Often we need to plan in advance to make sure we don’t run out of energy.

As someone with chronic pain I would find that I could not plan several after work activities over the course of a week. Two evenings out in a row and I’d be broken.

If I know I am meeting a friend this evening I will try to take it easy earlier in the day so as to save my energy. If I try to clean the house and run errands, I know I will be exhausted by mid afternoon. Chronic illness sufferers often don’t respond too well to spontaneous plans because we are not prepared for them.

Remember that the energy we are talking about here is not just about physical energy. Many chronic illnesses, chronic pain included, have a relation to mental health. There is also a great amount of mental effort that can go into looking after our physical health, and this added mental load is also what keeps eating up our spoons.

It means having to consciously think about things most people don’t need to worry about. For a chronic illness sufferer it may mean having to plan ahead what to bring. Maybe they cannot travel without medication. Maybe they need to spend extra time getting ready, because their hands are shaky. Maybe they need to wear specific clothing that day because anything moderately fitted feels too tight and painful.

Saving spoons

Our spoon reserves are not equal each day. There are days when we get more spoons and we manage better than we do on other days. Sometimes we may seem to function perfectly fine, which can then make it difficult to understand why we claim to be so sick the next day. Health fluctuates and so does sickness.

What makes things even more complicated is that we can manage a little more than we should, if we really want to.

Say in the weekend I would plan to do cleaning and grocery shopping on one day. I was planning to spend the evening resting and recuperating. A friend texts me spontaneously, asking to meet up that same evening. . Many people would find it difficult to understand why I wouldn’t want to go out. But you have no plans! they would say.

And that’s because I could not physically manage having so many plans that same day. It is not just me being an antisocial introvert 😉

Sometimes I would really love to go out and respond to that spontaneous invite. I will muster my energy and go ahead with it, knowing that tomorrow I will feel the consequences. I am borrowing from tomorrow’s spoons, and tomorrow I will have less to go by.

This is how we can seem to have more energy than we really do. Borrowing from tomorrow’s spoons is an emergency resource we do because we are people who want to prove that we can. We have lots of willpower and we want to be bold and ambitious and amazing. We are willing to deal with the consequences the next day, which might mean lying in bed all day or crying in pain. Borrowing from another day’s spoons is not sustainable, and that is why we like to save our spoons and keep some in reserve just in case.

Running out of spoons

Being able to do so many things on some days and not on others may come across as inconsistent to someone on the outside. This does not help with our understanding of invisible illness.

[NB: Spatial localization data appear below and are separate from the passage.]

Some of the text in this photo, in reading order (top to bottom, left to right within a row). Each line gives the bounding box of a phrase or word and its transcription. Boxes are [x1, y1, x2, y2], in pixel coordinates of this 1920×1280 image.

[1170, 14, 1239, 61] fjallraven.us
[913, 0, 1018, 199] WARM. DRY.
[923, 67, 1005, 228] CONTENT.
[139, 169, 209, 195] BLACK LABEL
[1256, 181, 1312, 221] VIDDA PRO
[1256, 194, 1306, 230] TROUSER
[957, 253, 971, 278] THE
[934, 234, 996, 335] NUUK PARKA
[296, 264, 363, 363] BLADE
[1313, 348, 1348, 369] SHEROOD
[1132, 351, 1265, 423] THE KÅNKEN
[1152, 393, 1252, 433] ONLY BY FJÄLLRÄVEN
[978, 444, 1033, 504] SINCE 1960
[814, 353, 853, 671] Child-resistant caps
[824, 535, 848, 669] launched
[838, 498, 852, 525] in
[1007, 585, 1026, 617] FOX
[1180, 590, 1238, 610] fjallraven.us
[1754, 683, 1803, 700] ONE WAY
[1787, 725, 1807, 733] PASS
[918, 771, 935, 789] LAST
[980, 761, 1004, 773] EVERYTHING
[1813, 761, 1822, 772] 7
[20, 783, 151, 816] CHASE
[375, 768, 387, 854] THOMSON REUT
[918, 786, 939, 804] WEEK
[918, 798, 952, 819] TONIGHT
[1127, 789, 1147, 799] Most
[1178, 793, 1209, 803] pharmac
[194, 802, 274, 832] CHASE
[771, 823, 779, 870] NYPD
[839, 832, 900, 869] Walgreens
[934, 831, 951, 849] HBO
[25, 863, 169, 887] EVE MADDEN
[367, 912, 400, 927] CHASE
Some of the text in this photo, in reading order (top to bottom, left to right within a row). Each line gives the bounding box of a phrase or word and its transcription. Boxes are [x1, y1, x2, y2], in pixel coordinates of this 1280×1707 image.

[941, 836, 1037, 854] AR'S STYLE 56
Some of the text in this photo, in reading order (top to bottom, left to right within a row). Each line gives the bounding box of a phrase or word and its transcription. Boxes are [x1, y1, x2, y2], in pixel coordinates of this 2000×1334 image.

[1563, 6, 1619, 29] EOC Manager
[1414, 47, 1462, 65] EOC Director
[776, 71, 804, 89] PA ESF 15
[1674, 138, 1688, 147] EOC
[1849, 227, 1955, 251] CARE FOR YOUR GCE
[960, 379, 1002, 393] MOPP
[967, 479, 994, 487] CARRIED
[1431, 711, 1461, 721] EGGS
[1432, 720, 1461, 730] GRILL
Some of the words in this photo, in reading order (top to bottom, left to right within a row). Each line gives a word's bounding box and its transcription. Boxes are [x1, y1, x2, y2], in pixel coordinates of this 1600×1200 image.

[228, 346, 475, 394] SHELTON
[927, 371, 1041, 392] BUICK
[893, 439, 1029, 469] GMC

Many of us, sick or healthy, know what it is like to be exhausted from doing too much – walking too long, working too long, carrying something too heavy. Many of us have had temporary bouts of illness such as the flu that have made everyday activities exhausting. We know what it’s like to sit around at home and feel too tired to do anything really except eat and go to sleep.

Let’s remember that sufferers of chronic illness experience this much more frequently and strongly than a healthy person would.

Let’s make sure we know what it means when someone tells you they are running out of spoons. They are not being lazy, flaky or noncommittal. They are unwell.